I valori di libertà e speranza che il testo e la musica di Bella Ciao! rappresentano sono, ancora oggi, un baluardo contro tutte le repressioni e le tirannie da cui questa fetta di mondo è stata costantemente minacciata. Già di per sé, l’appropriazione di una melodia popolare per finalità di lucro appare come una scelta discutibile visto che promuove lo sfruttamento di un patrimonio collettivo per un puro e semplice guadagno privato. Ma in questo caso, inoltre, non si possono trascurare i protagonisti di questa sgradevole storia pubblicitaria: da un lato abbiamo la sottomarca Aquarius della Coca-Cola Company la quale, dopo essere diventata fieramente il baluardo di un modello consumista spinto al massimo in tutti gli angoli del globo, sta cercando di ripulire la sua immagine sbandierando una presunta responsabilità sociale, tutta da costruire, nei paesi in cui opera, nonostante le sue condotte siano state, in passato, alquanto discutibili e tendenzialmente monopolistiche; dall’altro c’è la canzone della resistenza partigiana contro l’occupazione nazi – fascista degli ultimi tragici anni del Secondo Conflitto Mondiale in Italia.
L’uso commerciale delle tracce insostituibili della memoria collettiva mondiale è, in fondo, una pratica radicata, una tentazione facile per il marketing soprattutto ora che, con la globalizzazione dell’economia e la rivoluzione nelle telecomunicazioni, servono ed urgono dei modelli interculturali cui attingere e, perché no, dei nomi e dei simboli da trasformare in marche.
Alcune di queste forse, una volta, erano il patrimonio di qualche popolo o cultura locale, e racchiudevano una porzione di un mondo ormai dimenticato.
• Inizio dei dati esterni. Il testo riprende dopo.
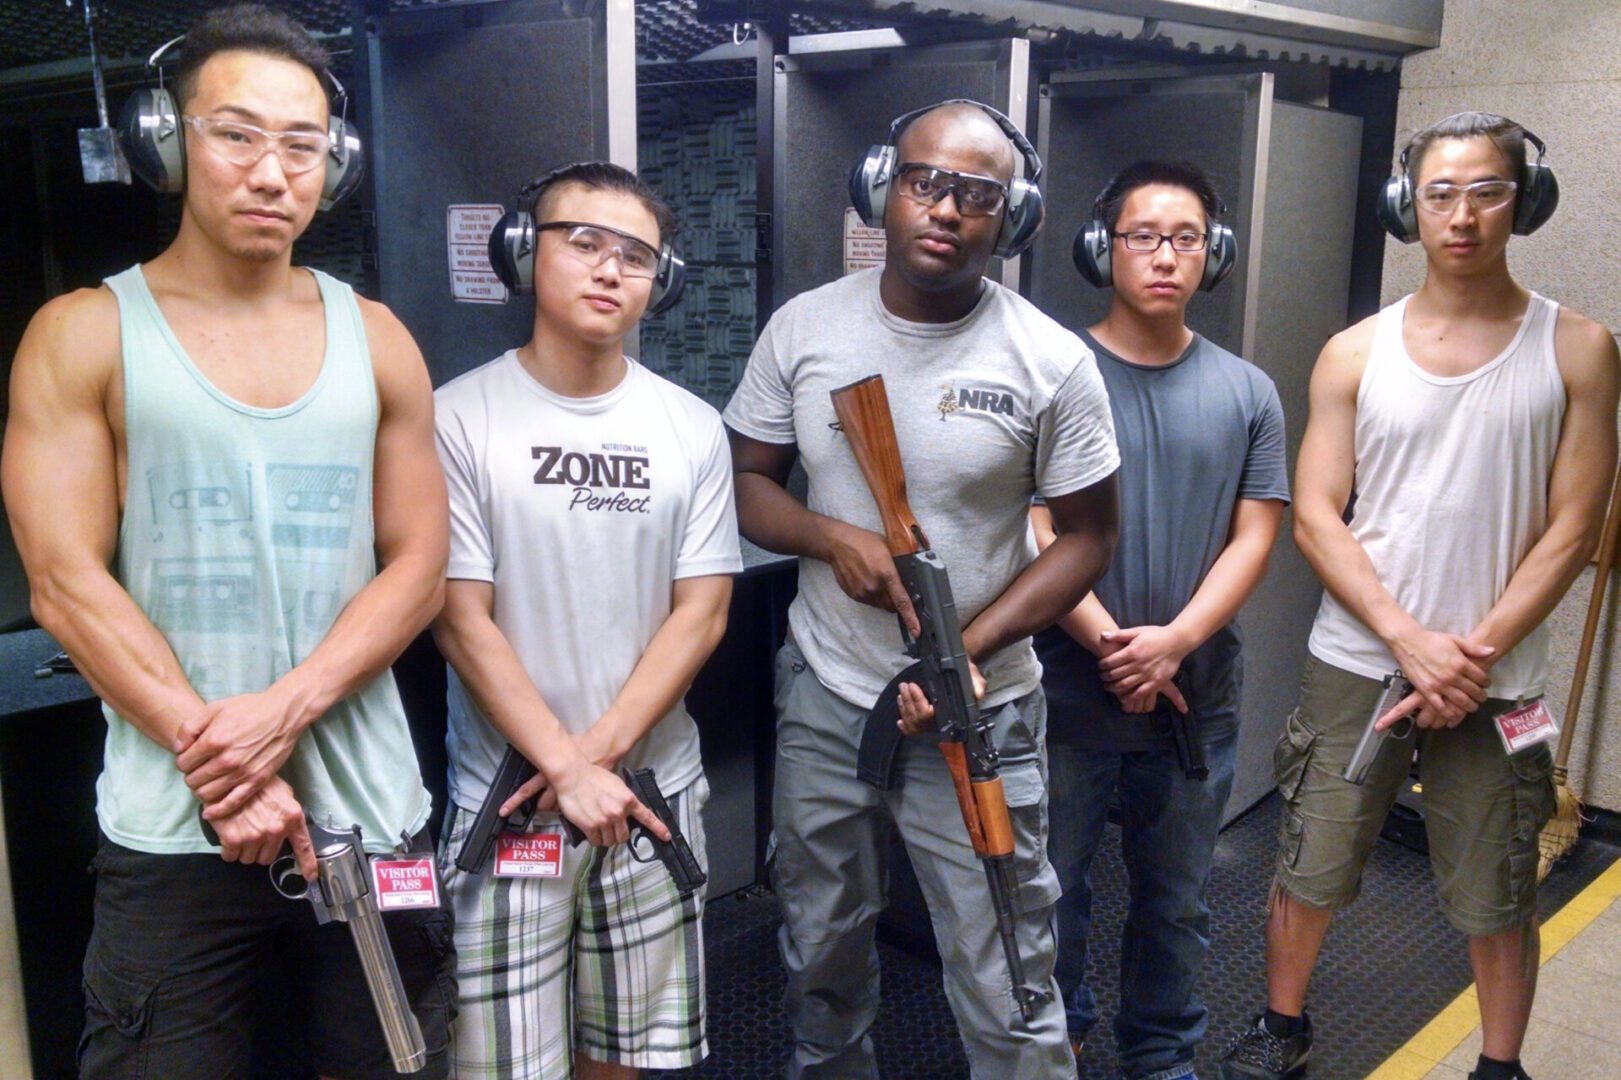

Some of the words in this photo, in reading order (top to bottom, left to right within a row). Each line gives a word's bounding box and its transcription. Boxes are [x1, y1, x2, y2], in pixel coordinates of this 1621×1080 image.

Oppure sintetizzavano cosmovisioni che vengono oggi vituperate nell’ambito di una cultura a senso unico e diventano, quindi, molto più facili da sfruttare e omologare per altri fini, come se fossero degli asset gratuiti pronti per l’uso col minimo sforzo: l’economicità dell’operazione è servita.
La reazione della società civile in Messico è stata, per ora, irrilevante e l’incarico di diffondere l’informazione su Bella Ciao!, i suoi significati e l’uso indebito che se ne sta facendo, è stato rilevato da alcuni gruppi organizzati di italiani all’estero come il collettivo AlterIta che sta organizzando piccoli incontri e raccogliendo le firme affinché tutti possano manifestare il proprio dissenso attraverso il suo blog all’indirizzo http://alteritamessico.blogspot.com/. Si stanno anche raccogliendo tra intellettuali, sindacalisti, accademici e personalità di spicco le adesioni a un comunicato stampa che verrà presto diffuso nei media messicani e italiani con il fine di non dimenticare e semplicemente lasciar perdere come spesso accade quando l’apatia conquista i cuori e la memoria.